- Text-to-region grounding data -
+--

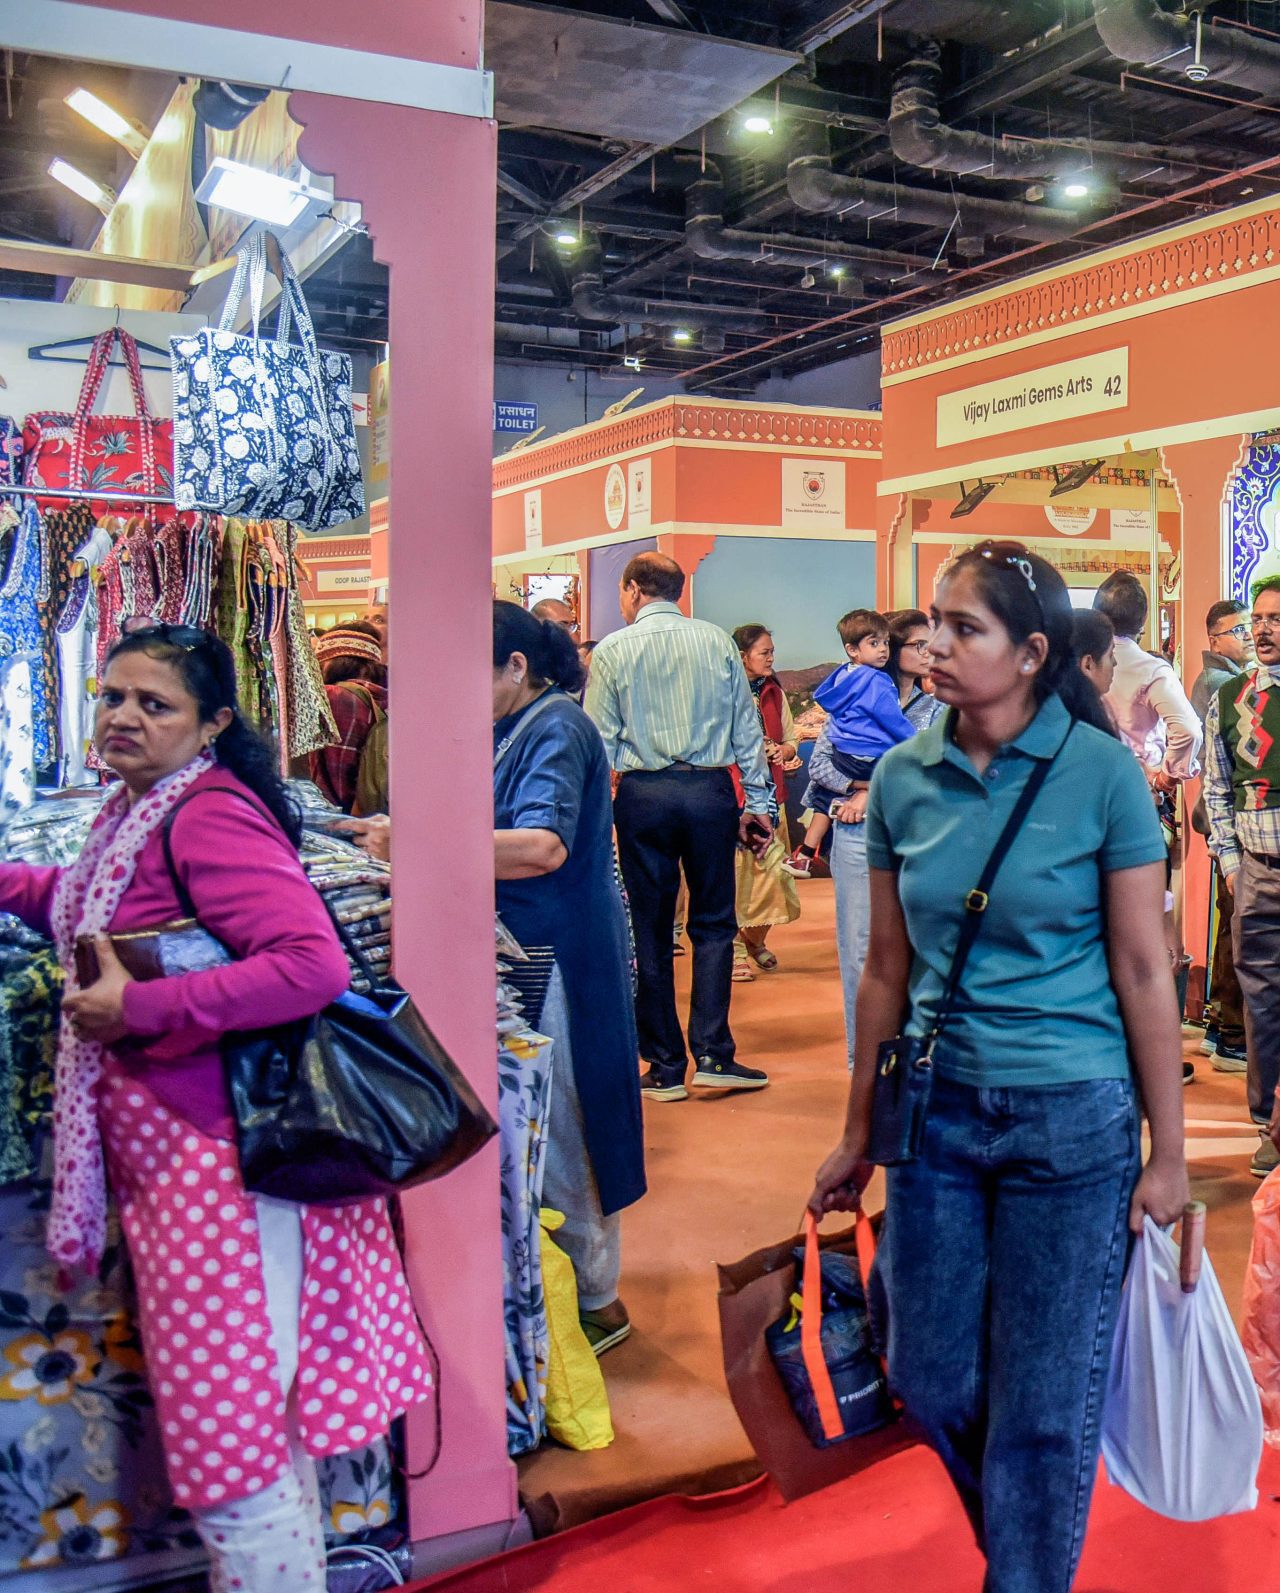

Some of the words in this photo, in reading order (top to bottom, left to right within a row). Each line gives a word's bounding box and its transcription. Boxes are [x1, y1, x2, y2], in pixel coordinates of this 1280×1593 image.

[1103, 374, 1122, 397] 42
[963, 402, 991, 425] Vijay
[992, 388, 1026, 415] Laxmi
[1028, 384, 1064, 406] Gems
[1065, 375, 1093, 397] Arts
[498, 405, 536, 418] प्रसाधन
[498, 418, 536, 430] TOILET
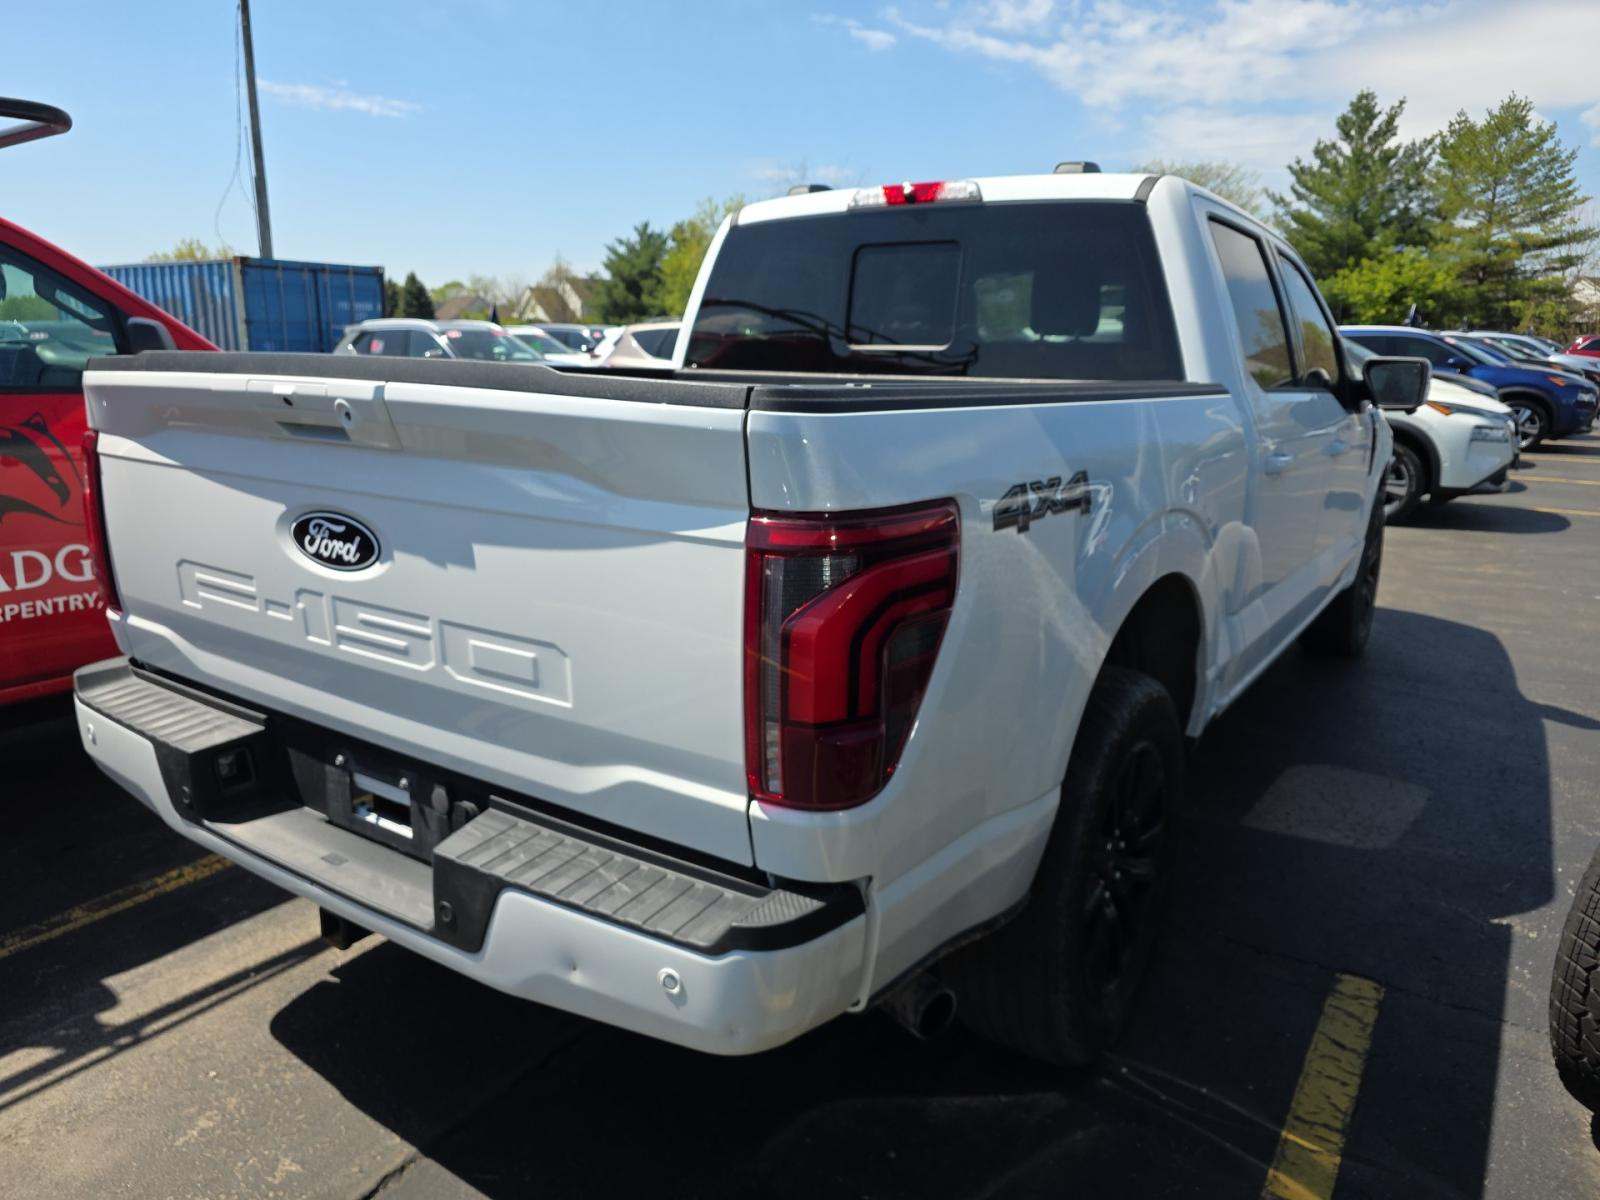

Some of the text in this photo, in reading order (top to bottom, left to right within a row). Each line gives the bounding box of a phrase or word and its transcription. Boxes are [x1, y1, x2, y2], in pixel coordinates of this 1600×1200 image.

[304, 518, 361, 563] Ford
[0, 543, 96, 593] DG
[0, 591, 104, 623] PENTRY,
[176, 558, 573, 708] F-150

+--

- Task instructions -
Every line above should be transcribed word for word; leave the pictures out.

- Response below -
Some of the words in this photo, in reading order (top to bottom, left to right within a row). Each line gives a word's bounding box and its transcription. Boxes are [x1, y1, x2, y2], in pixel coordinates of this 1280×1593 image.

[1103, 374, 1122, 397] 42
[963, 402, 991, 425] Vijay
[992, 388, 1026, 415] Laxmi
[1028, 384, 1064, 406] Gems
[1065, 375, 1093, 397] Arts
[498, 405, 536, 418] प्रसाधन
[498, 418, 536, 430] TOILET

Some of the text in this photo, in reading order (top to bottom, left to right within a row). Each line gives the bounding box of a phrase or word and its transcription. Boxes are [x1, y1, x2, y2], in pixel coordinates of this 1600×1200 image.

[304, 518, 361, 563] Ford
[0, 543, 96, 593] DG
[0, 591, 104, 623] PENTRY,
[176, 558, 573, 708] F-150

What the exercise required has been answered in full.